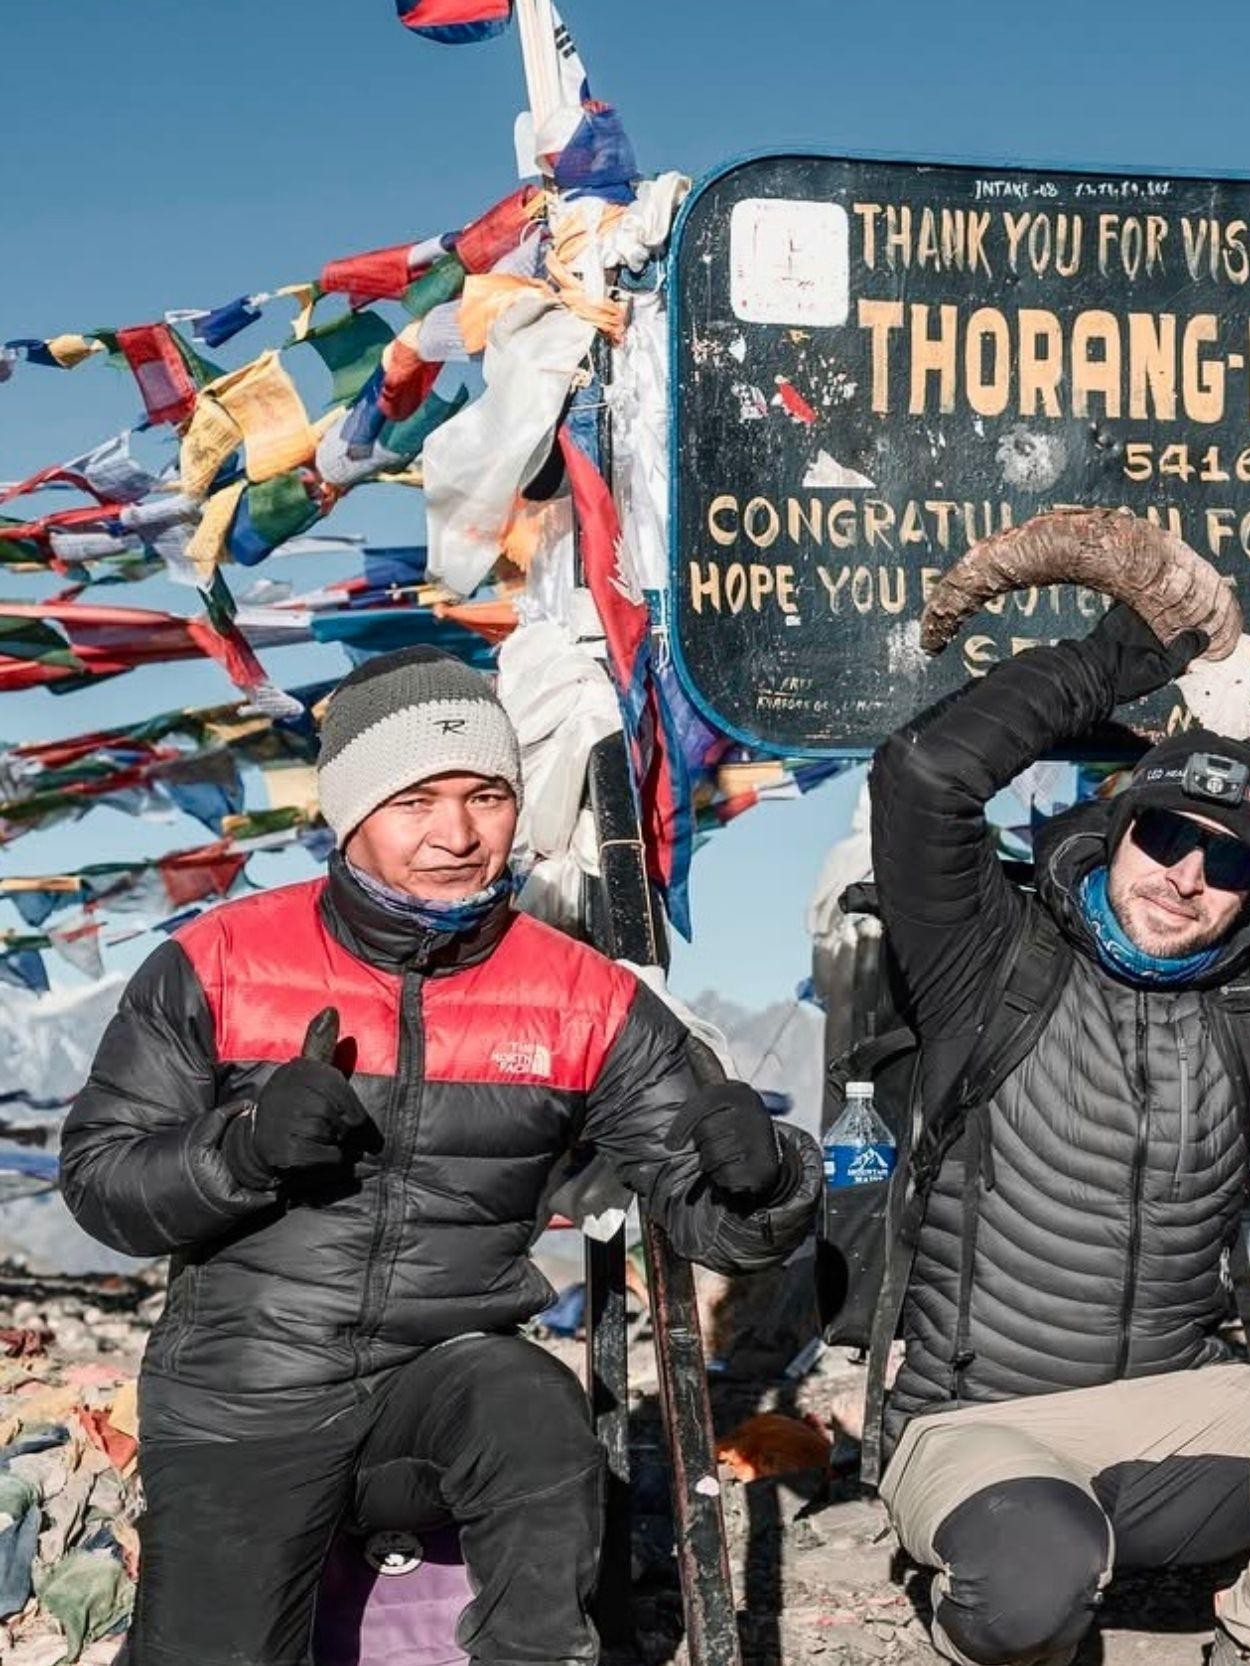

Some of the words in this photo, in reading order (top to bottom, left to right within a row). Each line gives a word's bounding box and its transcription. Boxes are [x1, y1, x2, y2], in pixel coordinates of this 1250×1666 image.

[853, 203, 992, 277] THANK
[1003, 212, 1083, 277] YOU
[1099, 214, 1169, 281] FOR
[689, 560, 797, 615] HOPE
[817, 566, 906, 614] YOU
================
**TASK TO CARRY OUT:** Copy out the material above in full and exactly; its pictures are not to appear.

**RESULT OF THIS TASK:**
Some of the words in this photo, in reading order (top to bottom, left to right within a row). Each line gives a word's bounding box and its transcription. Boxes are [x1, y1, x2, y2], in pixel coordinates of this 1250×1666 image.

[853, 203, 992, 277] THANK
[1003, 212, 1083, 277] YOU
[1099, 214, 1169, 281] FOR
[689, 560, 797, 615] HOPE
[817, 566, 906, 614] YOU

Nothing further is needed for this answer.